### GIVEN ENTRIES ###
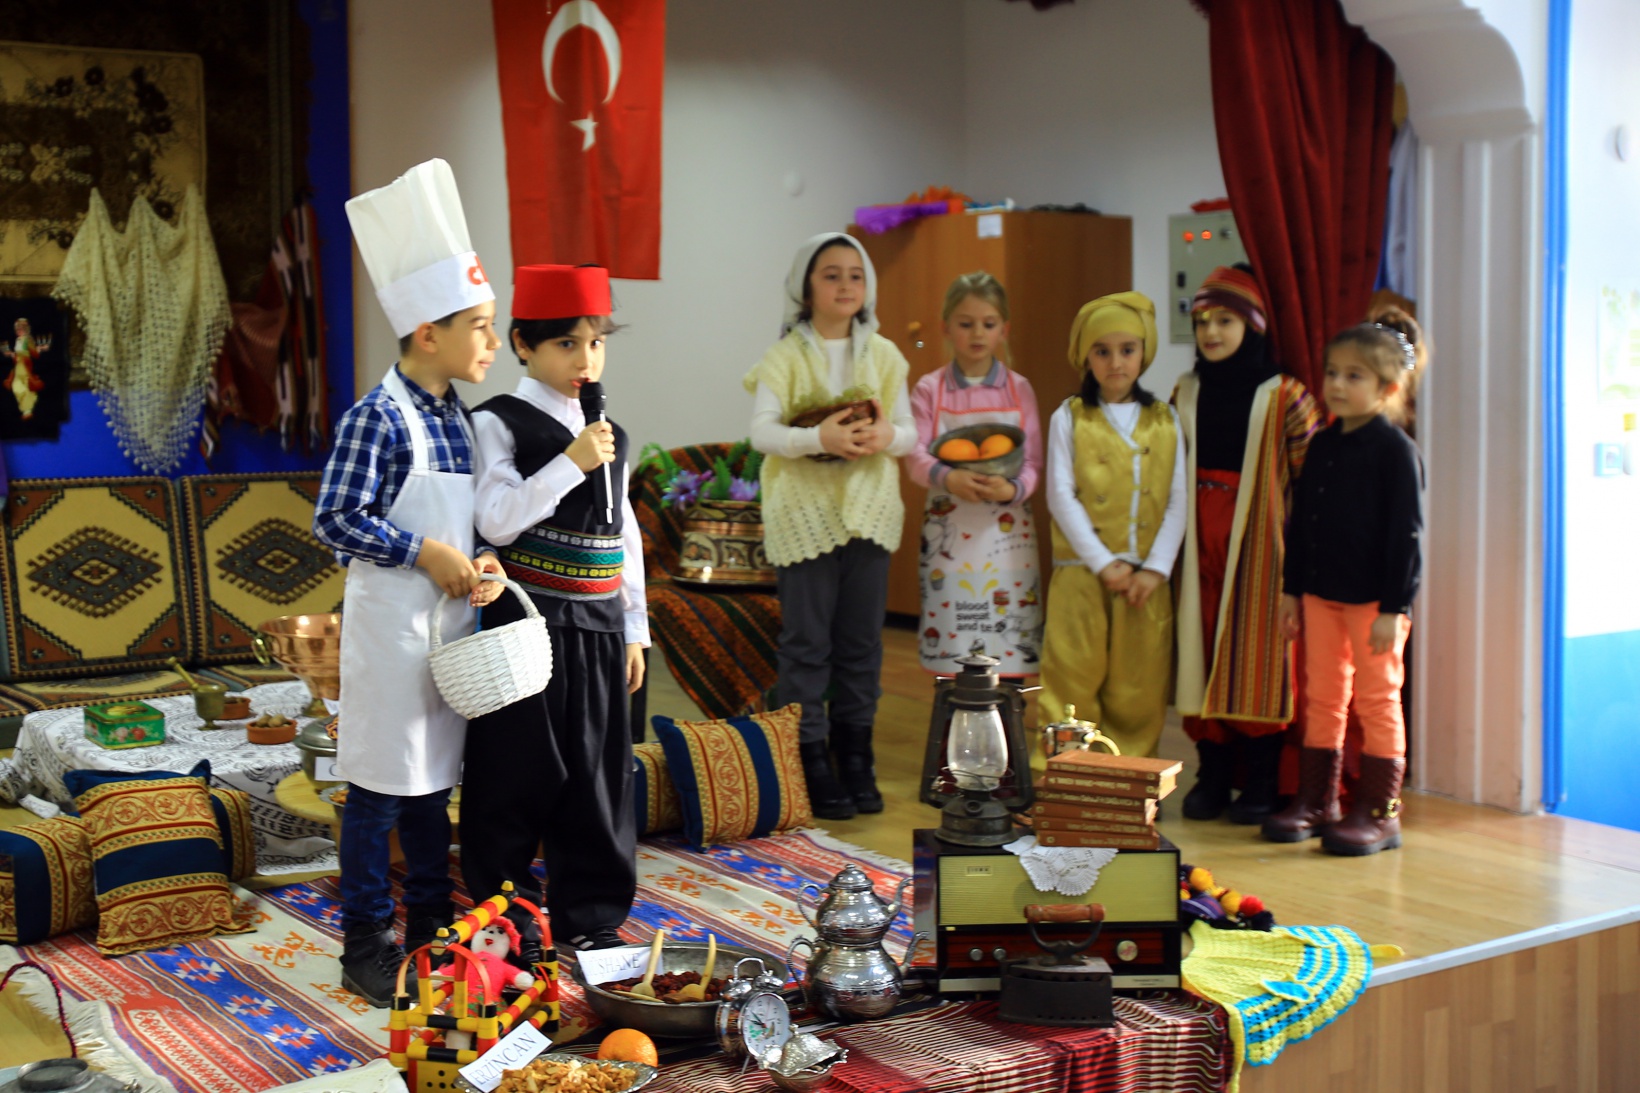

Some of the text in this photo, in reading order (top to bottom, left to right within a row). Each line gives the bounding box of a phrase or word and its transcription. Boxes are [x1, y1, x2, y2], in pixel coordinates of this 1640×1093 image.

[955, 600, 989, 610] blood
[956, 612, 990, 620] sweat
[956, 621, 978, 631] and
[468, 1032, 536, 1085] ERZİNCAN
###
> WORK REQUIRED:
A word-for-word copy of the entries above is what is needed, without any images.

> EXPECTED ANSWER:
Some of the text in this photo, in reading order (top to bottom, left to right within a row). Each line gives the bounding box of a phrase or word and its transcription. Boxes are [x1, y1, x2, y2], in pixel coordinates of this 1640×1093 image.

[955, 600, 989, 610] blood
[956, 612, 990, 620] sweat
[956, 621, 978, 631] and
[468, 1032, 536, 1085] ERZİNCAN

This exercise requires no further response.